The company said domestic market demand for sugar is expected to remain firm in the near future and that preferential markets for Zimbabwe’s sugar such as the European Union and the United States are expected to remain attractive in the year ahead.
“Realisations on the exports to the European Union remain sensitive to the Euro/US$ dollar exchange rate,” the company said.
“The restoration of the industry’s sugar production to installed milling capacity of around 640 000 tonnes per annum continues to be targeted objective.
“The ambitious four year recovery programme anchored on an accelerated plough out and replanting programme for private farmers has gathered momentum and is now moving into the second year,” said Hippo Valley.
The country’s macro-economic environment has remained relatively stable throughout the year despite the liquidity challenges that continue to prevail. The relatively stable economic environment continues to provide the necessary platform for the on-going recovery of the industry’s sugar production towards full capacity utilisation.

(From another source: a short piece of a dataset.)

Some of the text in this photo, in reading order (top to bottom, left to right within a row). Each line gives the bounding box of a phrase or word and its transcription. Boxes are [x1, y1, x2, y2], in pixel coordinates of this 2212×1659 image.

“The recovery of the Zimbabwe sugar industry continues to be underpinned by the accelerated private farmer sugar cane rehabilitation programme initiated in 2010 and 2011 under the Sustainable Rural Communities (SusCo) project,” the company said.

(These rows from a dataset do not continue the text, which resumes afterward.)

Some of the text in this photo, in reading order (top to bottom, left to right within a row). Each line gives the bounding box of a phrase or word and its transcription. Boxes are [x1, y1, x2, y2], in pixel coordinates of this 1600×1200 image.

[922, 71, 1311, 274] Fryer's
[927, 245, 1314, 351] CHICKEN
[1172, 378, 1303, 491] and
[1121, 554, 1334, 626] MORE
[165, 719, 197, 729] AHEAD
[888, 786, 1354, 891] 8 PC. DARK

“A US$30 million four year revolving facility has been secured for this plough out and replanting programmes from a local institution,” said Hippo Valley.
Of the 15 880 hectares farmed by private growers across the industry, 3 476 hectares were re-planted under the SusCo project during the year under review, with a further 874 hectares being re-planted for the Chipiwa farmers financed from the EU-funded Canelands Trust.

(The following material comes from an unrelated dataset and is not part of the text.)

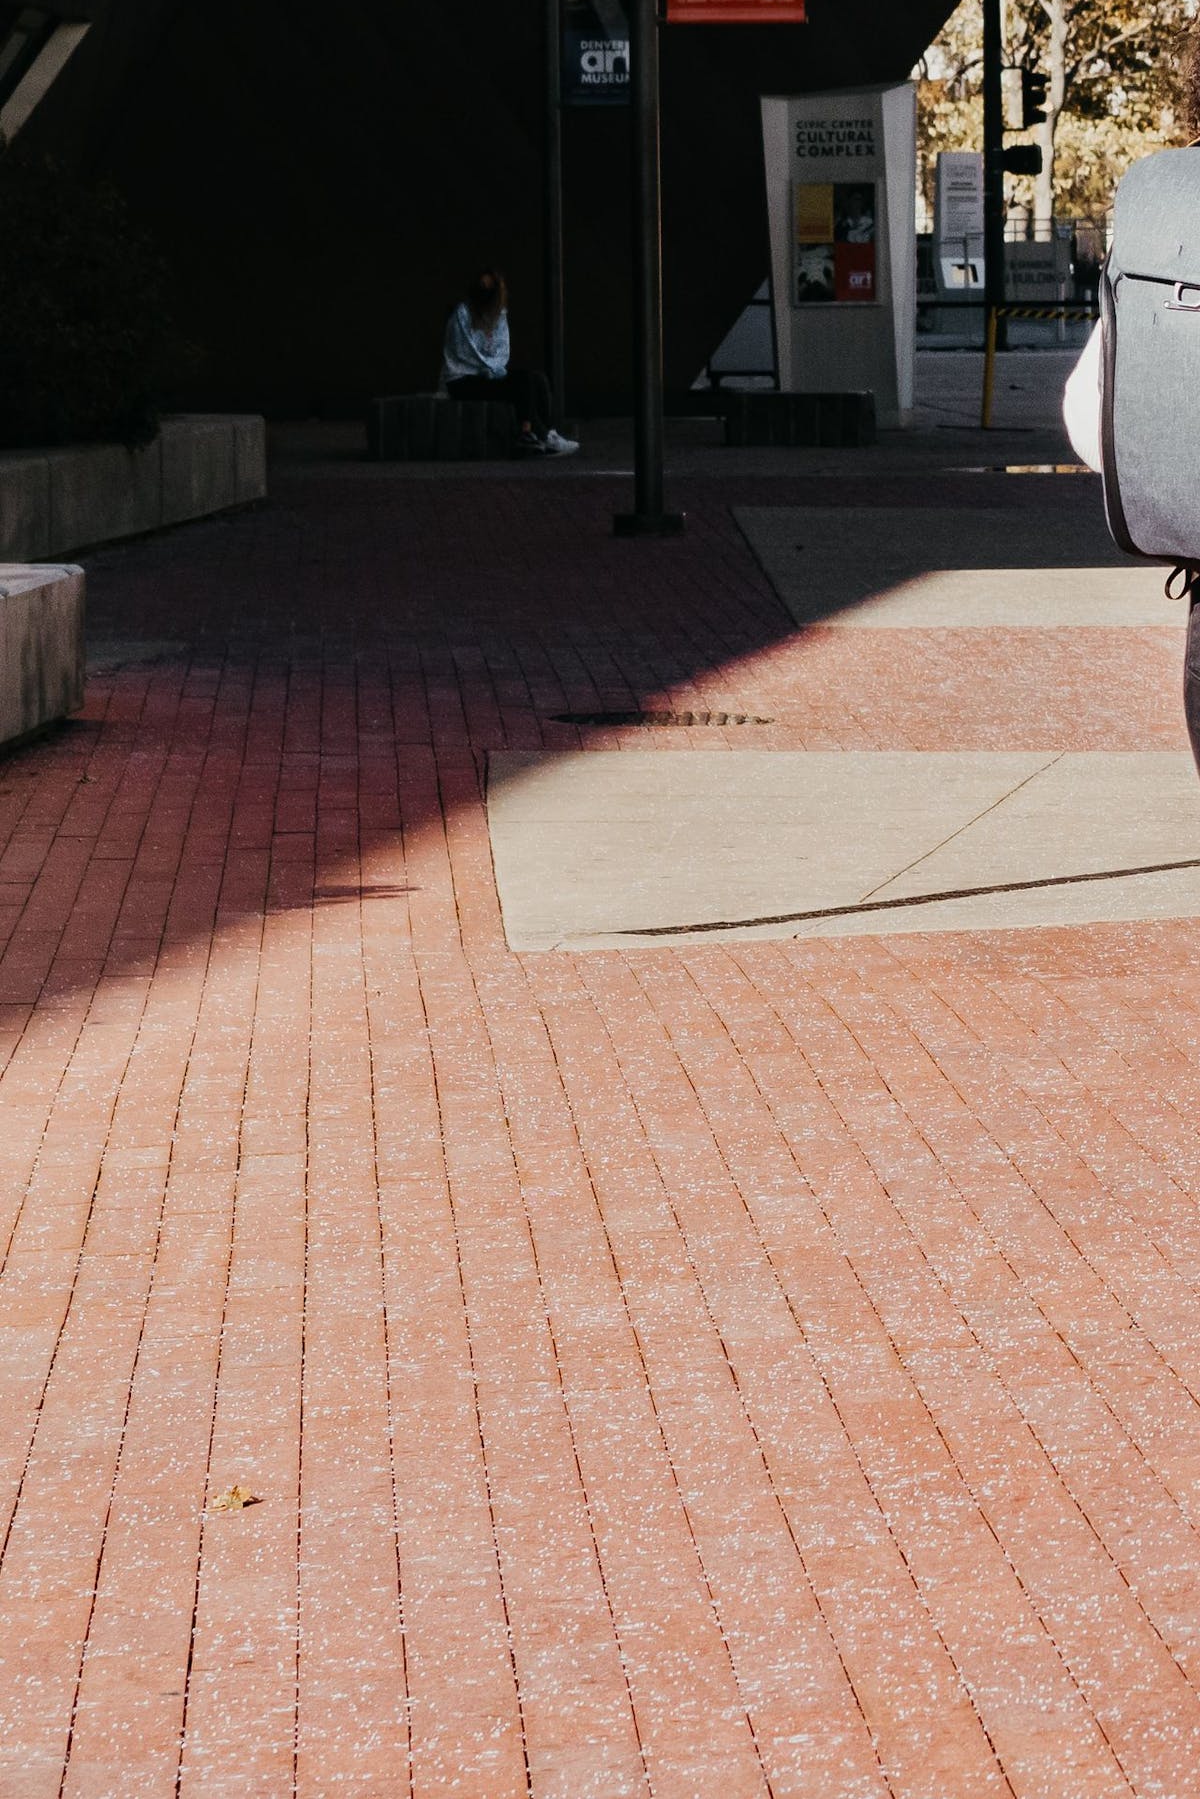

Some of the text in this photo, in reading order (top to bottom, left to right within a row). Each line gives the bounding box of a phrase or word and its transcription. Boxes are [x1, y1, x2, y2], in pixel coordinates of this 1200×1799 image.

[796, 119, 873, 129] CIVIC CENTER
[796, 130, 875, 144] CULTURAL
[796, 144, 875, 157] COMPLEX

The private farmers independently ploughed out and replanted 1 914 hectares during the same period, with input support from Tongaat Hulett.
This brings the total area replanted over the past two seasons to 6 502 hectares (41 percent of the total area in private farmer hands).
Collectively, private farmers delivered 531 990 tonnes of cane in 2011/12 compared to the 413 000 tonnes delivered in 2010/11 an increase of 29 percent.
Hippo Valley’s revenue for the year under review amounted to US$128,9 million from US$88,4 million last year. The 46 percent increase in revenue on raw sugar exports to the European Union.
“Operating profit and headline earnings amounted to US$322,4 million and US$20,9 million from USS$12,2 million and US$8,8 million respectively. Earnings per share amounted to 10,9 UScents from 4,6 UScents. The current year effective tax rate at 24,8 percent is close to the normal tax rate of 25,75 percent,” the company said.
The industry’s domestic market sales for the year under review totaled 247 000 tonnes compared to 184 000 tonnes last year. Domestic sugar prices were in line with prices prevailing elsewhere in the region.
Demand for sugar in the domestic market remained firm throughout the year.
A total of 125 000 tonnes of raw sugar was exported to the European Union under preferential market arrangements at favourable prices.